Americans split evenly between wanting legislation to pass or fail
PRINCETON, NJ -- Executives of the U.S. auto industry take the brunt of public criticism for the failure of Congress to pass an auto bailout package last week, with 64% of Americans saying the auto executives deserve a great deal of the blame. However, the unions representing U.S. autoworkers are next in line, faulted by 43% of Americans -- more than the 35% who blame the Republicans in Congress.
Only 20% of Americans blame the failure of the auto bailout bill on the Democrats in Congress -- most of whom voted for the $14 billion aid package for the Big Three U.S. auto manufacturers.
This is according to a Dec. 12-14 USA Today/Gallup poll, conducted in the first few days after an auto bailout agreement reached between congressional Democrats and the Bush administration fell apart on a procedural vote in the U.S. Senate on Dec. 11.
Split Decision on Bailout Vote
According to the same survey, Americans are about evenly divided over the merits of the failed bailout package: 47% say they would rather have seen the legislation pass, while 46% preferred that it fail.
Most Democrats support the auto bailout, while most Republicans and half of independents oppose it.
In a follow-up question, most of those who wanted the plan to fail -- representing about a third of all Americans -- said they oppose the government's providing any sort of bailout package for the auto companies. However, a smaller number, representing 14% of all Americans, say they support a bailout, just not the particular plan that came to a vote.
Thus, in total, 61% of Americans favor some sort of government help for the auto industry.
Unions vs. the Republicans
That most Americans assign a high degree of blame to auto industry executives for the auto bailout's demise may not be surprising given the substantial negative publicity surrounding the way these executives handled their initial appearances before Congress leading up to the vote -- both their arrival by private jet and their failure to have a business plan for using the bailout money.

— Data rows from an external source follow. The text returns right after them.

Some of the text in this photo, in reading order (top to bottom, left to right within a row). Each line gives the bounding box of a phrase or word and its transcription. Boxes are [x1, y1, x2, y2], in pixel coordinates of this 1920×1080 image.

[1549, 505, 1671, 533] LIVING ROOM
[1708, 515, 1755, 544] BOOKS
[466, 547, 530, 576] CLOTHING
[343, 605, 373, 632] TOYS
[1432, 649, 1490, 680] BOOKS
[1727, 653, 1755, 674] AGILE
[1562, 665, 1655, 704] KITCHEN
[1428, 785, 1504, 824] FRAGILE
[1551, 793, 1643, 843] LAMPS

This seems to be reflected in the fact that large majorities of Republicans, independents, and Democrats fault the executives a great deal for the bill's failure.
It is somewhat more intriguing that Americans blame the autoworker unions to a greater extent than the Republicans in Congress, as the last-minute collapse of the bill was widely reported as occurring on the basis of the auto unions' failing to yield to Republican demands for more wage concessions.

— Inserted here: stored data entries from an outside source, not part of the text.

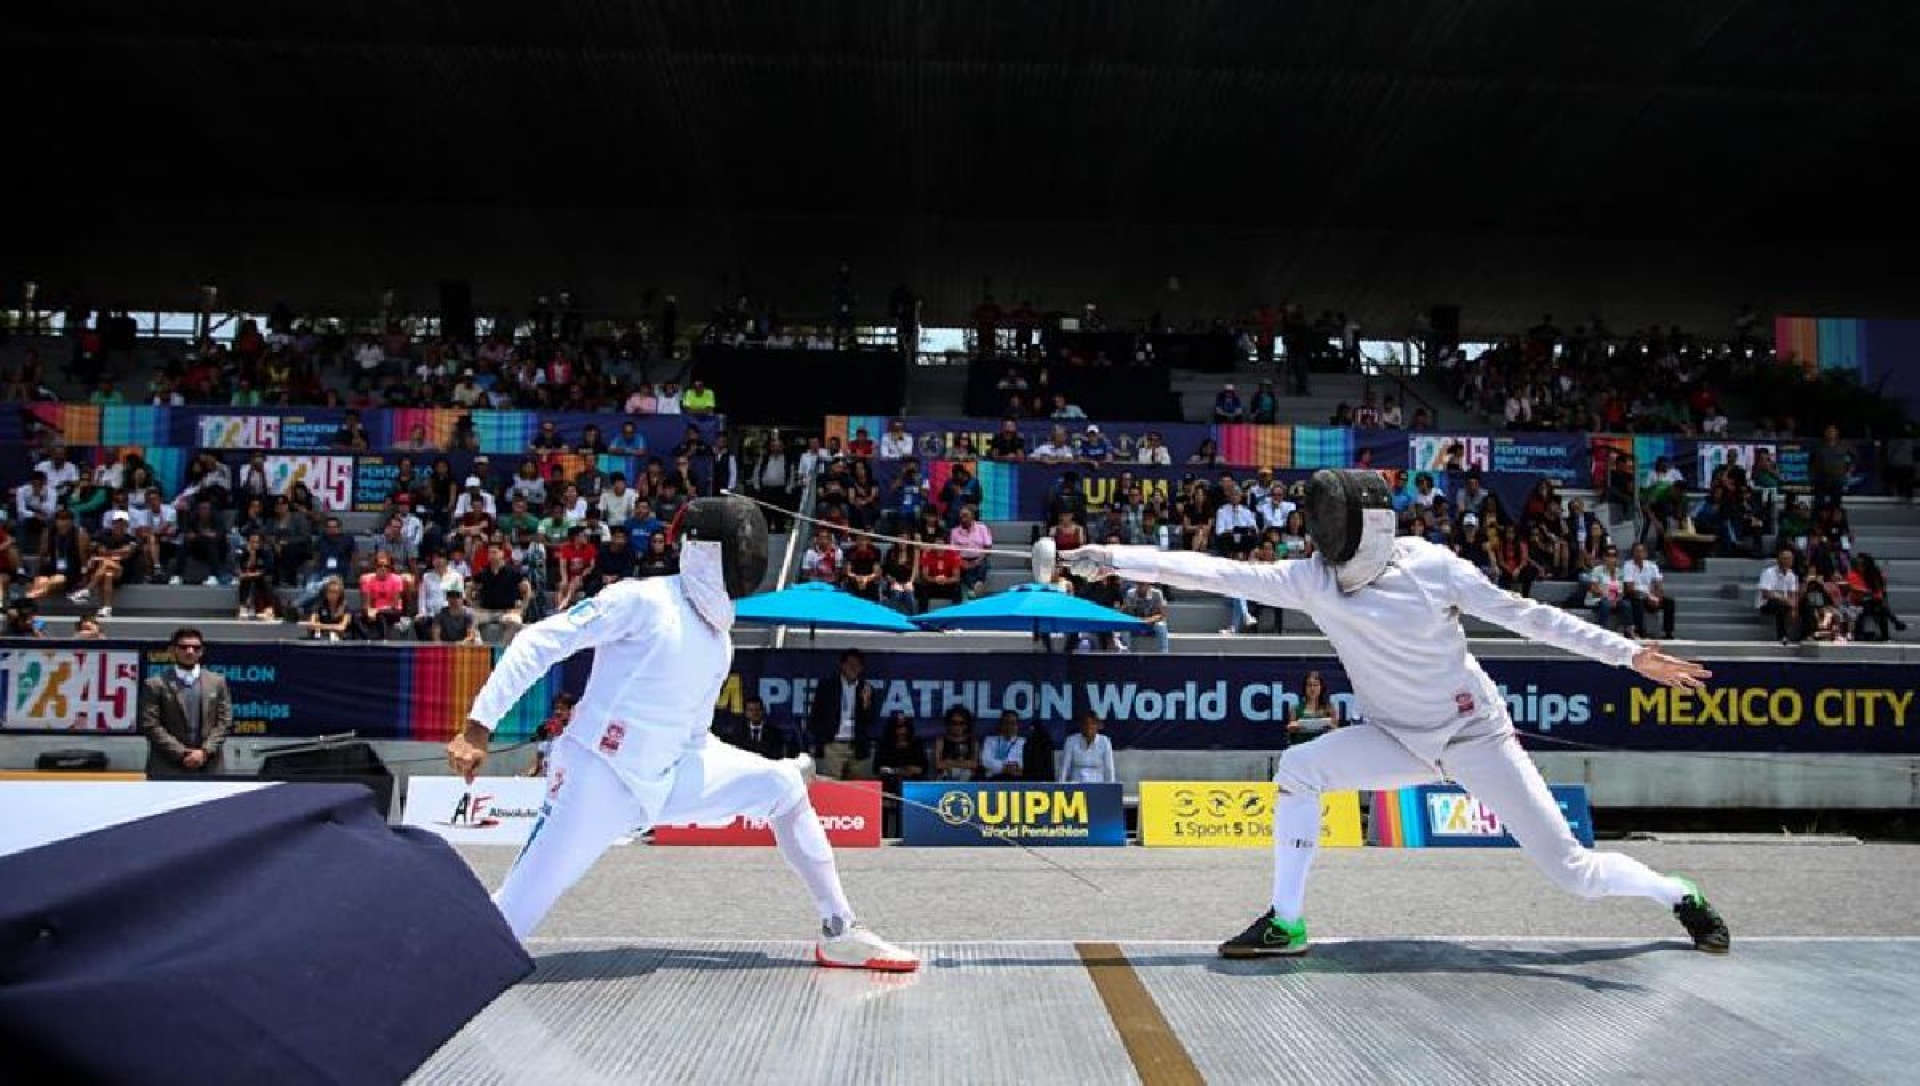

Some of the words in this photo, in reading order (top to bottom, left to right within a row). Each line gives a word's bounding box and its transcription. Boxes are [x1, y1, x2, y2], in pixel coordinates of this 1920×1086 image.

[759, 677, 1074, 721] PEATHLON
[1087, 680, 1228, 721] World
[1629, 687, 1801, 726] MEXICO
[1814, 690, 1913, 727] CITY
[978, 791, 1089, 825] UIPM
[817, 815, 865, 831] ance
[983, 825, 1019, 838] World
[1022, 825, 1089, 838] Pentathlon
[1175, 821, 1185, 835] 1
[1187, 821, 1230, 838] Sport
[1233, 821, 1244, 836] 5

Among the partisan groups, rank-and-file Republicans are the most critical of the auto unions, with 59% saying they bear a great deal of blame for the bailout's demise -- similar to the degree to which they blame the auto executives. Only 23% of Republicans blame the Republicans in Congress. However, political independents are also much more likely to blame the auto unions than the Republicans, 41% to 29%. Democrats, by contrast, see things the other way, with more blaming the Republicans than the unions, 48% to 35%.
The Democrats in Congress receive little blame from all three parties.

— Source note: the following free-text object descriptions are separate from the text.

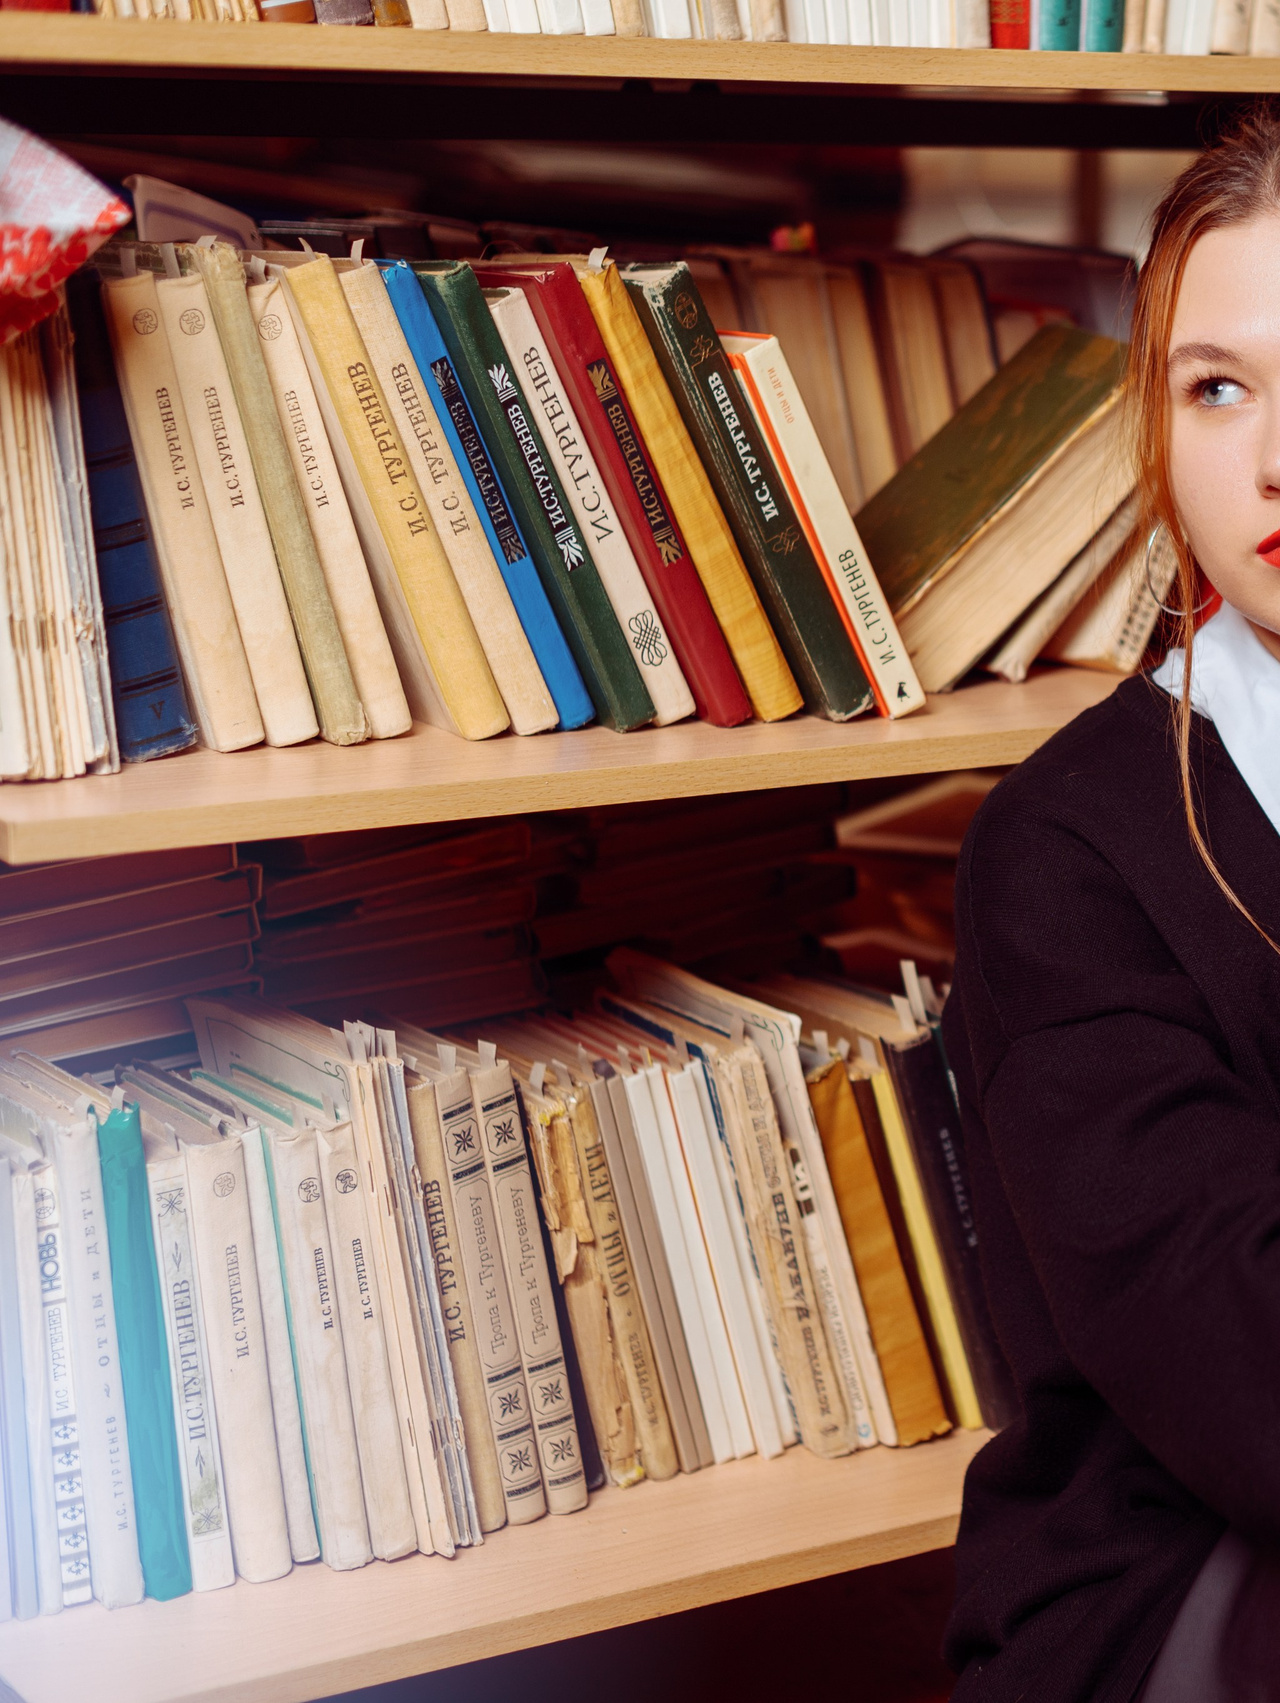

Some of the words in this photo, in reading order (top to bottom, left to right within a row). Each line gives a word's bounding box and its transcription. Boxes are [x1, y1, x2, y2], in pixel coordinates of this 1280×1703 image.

[156, 387, 187, 475] ТУРГЕНЕВ
[204, 386, 235, 474] ТУРГЕНЕВ
[284, 390, 319, 475] ТУРГЕНЕВ
[347, 361, 407, 485] ТУРГЕНЕВ
[391, 362, 449, 485] ТУРГЕНЕВ
[708, 371, 762, 484] ТУРГЕНЕВ
[838, 549, 880, 631] ТУРГЕНЕВ
[38, 1232, 62, 1294] НОВЬ
[80, 1189, 100, 1256] ДЕТИ
[423, 1179, 457, 1295] ТУРГЕНЕВ
[469, 1195, 495, 1286] Тургеневу
[510, 1187, 536, 1277] Тургеневу
[225, 1244, 246, 1326] ТУРГЕНЕВ
[314, 1247, 330, 1305] ТУРГЕНЕВ
[352, 1238, 369, 1294] ТУРГЕНЕВ
[601, 1230, 631, 1298] ОТЦЫ
[48, 1306, 67, 1382] ТУРГЕНЕВ
[92, 1291, 110, 1367] ОТЦЫ
[488, 1303, 507, 1354] Тропа
[529, 1294, 549, 1345] Тропа
[105, 1415, 125, 1500] ТУРГЕНЕВ

Earlier this month, Gallup found less public criticism of the autoworker unions with respect to culpability for the financial problems that the three major U.S. auto companies face. In a Dec. 4-7 Gallup Poll, only 34% blamed the labor unions for the industry's problems, while 65% blamed the executives who run the auto companies.
Americans are very clear in holding the U.S. auto executives responsible for the financial mess they find themselves in, with 65% saying they deserve a great deal of blame for the financial problems of their companies, and 64% assigning them great blame for the failure of bailout legislation. Americans are more likely to blame the autoworker unions than the Republicans for the auto bailout bill's failure to pass last week.
Still, it appears that as many as 6 in 10 Americans are in favor of the government's providing financial help to the Big Three -- if not in the form of the specific package that failed, then something else. With a few weeks remaining before the new Congress is installed, the solvency of the U.S. auto industry may now depend on whether President Bush decides to provide it with funds from the $700 billion bailout of the financial industry, but it remains to be seen whether Americans would support that approach.
Results are based on telephone interviews with 1,008 national adults, aged 18 and older, conducted Dec. 12-14, 2008. For results based on the total sample of national adults, one can say with 95% confidence that the maximum margin of sampling error is ±3 percentage points.
Interviews are conducted with respondents on land-line telephones (for respondents with a land-line telephone) and cellular phones (for respondents who are cell-phone only).
In addition to sampling error, question wording and practical difficulties in conducting surveys can introduce error or bias into the findings of public opinion polls.